[Records drawn from a dataset]
+--

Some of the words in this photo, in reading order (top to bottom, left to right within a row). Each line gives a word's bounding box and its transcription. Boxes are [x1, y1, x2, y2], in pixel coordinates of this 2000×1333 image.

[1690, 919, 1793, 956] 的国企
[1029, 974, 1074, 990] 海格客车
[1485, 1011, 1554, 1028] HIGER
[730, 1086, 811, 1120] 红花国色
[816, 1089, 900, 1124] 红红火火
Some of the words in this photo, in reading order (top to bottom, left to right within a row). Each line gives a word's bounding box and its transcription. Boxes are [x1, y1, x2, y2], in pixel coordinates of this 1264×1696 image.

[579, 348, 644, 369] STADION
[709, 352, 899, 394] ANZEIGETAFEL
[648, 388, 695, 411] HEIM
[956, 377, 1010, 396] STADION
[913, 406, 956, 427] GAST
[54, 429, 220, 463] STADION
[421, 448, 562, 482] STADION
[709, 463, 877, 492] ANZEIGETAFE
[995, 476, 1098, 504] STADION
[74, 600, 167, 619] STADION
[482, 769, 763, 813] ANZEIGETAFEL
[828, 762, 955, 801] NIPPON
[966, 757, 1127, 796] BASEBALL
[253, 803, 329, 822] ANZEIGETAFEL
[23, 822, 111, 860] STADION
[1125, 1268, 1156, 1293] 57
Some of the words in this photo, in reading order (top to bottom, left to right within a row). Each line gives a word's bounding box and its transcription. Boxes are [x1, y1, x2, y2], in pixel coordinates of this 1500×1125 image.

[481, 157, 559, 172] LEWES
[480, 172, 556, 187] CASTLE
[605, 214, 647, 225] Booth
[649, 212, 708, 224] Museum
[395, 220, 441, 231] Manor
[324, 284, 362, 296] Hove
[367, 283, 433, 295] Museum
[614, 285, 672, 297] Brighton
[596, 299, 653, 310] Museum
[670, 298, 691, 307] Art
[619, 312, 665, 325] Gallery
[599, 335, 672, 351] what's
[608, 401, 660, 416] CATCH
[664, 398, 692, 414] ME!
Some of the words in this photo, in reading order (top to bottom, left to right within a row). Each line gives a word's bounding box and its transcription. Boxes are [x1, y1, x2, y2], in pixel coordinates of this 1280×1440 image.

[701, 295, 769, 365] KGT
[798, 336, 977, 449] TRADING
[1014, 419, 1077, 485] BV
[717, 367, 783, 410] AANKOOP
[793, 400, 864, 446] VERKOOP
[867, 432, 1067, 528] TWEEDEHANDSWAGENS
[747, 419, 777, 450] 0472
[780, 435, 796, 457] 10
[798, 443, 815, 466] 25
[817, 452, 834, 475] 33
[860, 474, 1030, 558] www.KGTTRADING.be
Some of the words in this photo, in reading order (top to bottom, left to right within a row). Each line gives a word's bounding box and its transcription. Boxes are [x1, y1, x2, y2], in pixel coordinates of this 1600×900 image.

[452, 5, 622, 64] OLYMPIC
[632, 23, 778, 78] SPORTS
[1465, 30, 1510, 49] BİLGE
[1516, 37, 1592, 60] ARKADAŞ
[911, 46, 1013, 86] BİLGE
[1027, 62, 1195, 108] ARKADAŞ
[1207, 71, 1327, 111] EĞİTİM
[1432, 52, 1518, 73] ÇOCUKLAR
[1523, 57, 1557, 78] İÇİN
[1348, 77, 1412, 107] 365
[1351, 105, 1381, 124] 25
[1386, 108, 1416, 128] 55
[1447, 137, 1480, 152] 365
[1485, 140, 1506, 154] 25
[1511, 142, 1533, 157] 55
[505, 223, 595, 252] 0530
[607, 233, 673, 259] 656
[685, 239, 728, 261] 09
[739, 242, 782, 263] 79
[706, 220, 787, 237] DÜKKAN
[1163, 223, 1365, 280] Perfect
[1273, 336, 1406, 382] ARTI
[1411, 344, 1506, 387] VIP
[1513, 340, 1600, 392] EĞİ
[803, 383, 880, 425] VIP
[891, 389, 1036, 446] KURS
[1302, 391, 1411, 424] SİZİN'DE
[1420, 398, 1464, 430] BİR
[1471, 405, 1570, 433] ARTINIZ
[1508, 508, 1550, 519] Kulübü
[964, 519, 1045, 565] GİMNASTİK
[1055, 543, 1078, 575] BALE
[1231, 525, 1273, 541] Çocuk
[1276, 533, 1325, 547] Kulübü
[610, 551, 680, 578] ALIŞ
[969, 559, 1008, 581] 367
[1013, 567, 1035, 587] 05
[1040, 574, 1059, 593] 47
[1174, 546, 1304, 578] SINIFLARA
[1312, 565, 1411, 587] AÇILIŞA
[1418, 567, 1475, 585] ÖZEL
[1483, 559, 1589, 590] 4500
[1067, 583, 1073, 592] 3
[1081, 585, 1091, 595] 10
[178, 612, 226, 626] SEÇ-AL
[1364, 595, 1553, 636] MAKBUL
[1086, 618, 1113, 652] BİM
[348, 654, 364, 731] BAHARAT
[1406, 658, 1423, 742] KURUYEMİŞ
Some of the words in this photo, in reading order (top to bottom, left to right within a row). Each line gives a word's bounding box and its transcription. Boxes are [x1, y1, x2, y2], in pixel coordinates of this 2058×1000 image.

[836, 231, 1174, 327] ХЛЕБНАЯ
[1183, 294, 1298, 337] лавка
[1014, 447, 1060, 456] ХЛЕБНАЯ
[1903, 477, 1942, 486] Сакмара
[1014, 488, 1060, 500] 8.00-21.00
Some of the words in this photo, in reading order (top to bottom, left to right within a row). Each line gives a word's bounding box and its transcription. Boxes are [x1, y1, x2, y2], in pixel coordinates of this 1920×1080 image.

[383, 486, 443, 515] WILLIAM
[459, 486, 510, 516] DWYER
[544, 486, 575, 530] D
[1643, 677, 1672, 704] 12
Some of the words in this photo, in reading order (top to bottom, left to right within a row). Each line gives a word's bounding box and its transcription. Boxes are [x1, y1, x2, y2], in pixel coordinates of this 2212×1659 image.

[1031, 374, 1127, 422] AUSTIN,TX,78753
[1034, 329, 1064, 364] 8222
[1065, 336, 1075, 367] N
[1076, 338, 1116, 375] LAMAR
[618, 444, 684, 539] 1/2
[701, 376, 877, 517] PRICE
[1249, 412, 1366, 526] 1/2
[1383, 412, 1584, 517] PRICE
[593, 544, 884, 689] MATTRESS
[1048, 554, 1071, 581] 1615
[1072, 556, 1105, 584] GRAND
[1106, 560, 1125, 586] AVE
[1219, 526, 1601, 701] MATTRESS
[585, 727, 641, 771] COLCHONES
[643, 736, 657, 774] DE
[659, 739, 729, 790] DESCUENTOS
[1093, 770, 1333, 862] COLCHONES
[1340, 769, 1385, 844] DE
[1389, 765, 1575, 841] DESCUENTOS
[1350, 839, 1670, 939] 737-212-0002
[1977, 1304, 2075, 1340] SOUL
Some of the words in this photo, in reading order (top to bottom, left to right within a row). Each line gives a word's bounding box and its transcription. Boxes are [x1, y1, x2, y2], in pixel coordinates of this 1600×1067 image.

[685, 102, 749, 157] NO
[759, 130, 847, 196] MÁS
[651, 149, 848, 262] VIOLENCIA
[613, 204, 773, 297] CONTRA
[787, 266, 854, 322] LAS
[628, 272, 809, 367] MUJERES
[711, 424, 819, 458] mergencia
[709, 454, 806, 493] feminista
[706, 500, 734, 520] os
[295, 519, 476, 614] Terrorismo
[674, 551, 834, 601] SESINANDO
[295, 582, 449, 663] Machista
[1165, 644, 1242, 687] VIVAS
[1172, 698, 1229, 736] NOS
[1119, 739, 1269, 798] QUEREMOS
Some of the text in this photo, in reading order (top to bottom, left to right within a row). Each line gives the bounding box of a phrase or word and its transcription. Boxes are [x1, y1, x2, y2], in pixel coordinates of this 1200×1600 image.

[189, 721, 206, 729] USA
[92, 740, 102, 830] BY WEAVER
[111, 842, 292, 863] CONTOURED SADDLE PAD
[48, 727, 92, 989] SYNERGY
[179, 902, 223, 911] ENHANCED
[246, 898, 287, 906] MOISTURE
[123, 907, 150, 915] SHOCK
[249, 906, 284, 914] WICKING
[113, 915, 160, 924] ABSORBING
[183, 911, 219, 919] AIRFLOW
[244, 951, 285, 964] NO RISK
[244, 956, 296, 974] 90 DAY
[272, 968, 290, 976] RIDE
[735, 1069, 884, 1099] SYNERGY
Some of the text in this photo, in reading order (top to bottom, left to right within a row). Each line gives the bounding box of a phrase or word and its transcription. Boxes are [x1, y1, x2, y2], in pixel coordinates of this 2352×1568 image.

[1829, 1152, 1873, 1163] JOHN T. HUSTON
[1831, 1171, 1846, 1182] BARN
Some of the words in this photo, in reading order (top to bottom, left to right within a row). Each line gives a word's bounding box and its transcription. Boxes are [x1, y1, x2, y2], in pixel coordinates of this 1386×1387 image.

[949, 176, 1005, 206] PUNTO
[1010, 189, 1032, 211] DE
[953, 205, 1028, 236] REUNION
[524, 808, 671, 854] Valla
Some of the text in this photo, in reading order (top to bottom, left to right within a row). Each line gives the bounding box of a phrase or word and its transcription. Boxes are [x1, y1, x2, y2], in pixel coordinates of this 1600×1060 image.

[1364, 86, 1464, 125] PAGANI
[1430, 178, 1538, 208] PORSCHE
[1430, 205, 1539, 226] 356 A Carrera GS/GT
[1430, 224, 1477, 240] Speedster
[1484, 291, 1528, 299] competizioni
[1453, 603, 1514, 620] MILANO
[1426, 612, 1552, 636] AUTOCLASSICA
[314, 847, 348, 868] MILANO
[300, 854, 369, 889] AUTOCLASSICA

+--

## [PROBLEM STATEMENT]
Starting at the line that contains "this 1386×1387 image." and ending at the last line of the data, repeat each line exactly; include nothing else.

## [ANSWER FOR THE TASK]
Some of the words in this photo, in reading order (top to bottom, left to right within a row). Each line gives a word's bounding box and its transcription. Boxes are [x1, y1, x2, y2], in pixel coordinates of this 1386×1387 image.

[949, 176, 1005, 206] PUNTO
[1010, 189, 1032, 211] DE
[953, 205, 1028, 236] REUNION
[524, 808, 671, 854] Valla
Some of the text in this photo, in reading order (top to bottom, left to right within a row). Each line gives the bounding box of a phrase or word and its transcription. Boxes are [x1, y1, x2, y2], in pixel coordinates of this 1600×1060 image.

[1364, 86, 1464, 125] PAGANI
[1430, 178, 1538, 208] PORSCHE
[1430, 205, 1539, 226] 356 A Carrera GS/GT
[1430, 224, 1477, 240] Speedster
[1484, 291, 1528, 299] competizioni
[1453, 603, 1514, 620] MILANO
[1426, 612, 1552, 636] AUTOCLASSICA
[314, 847, 348, 868] MILANO
[300, 854, 369, 889] AUTOCLASSICA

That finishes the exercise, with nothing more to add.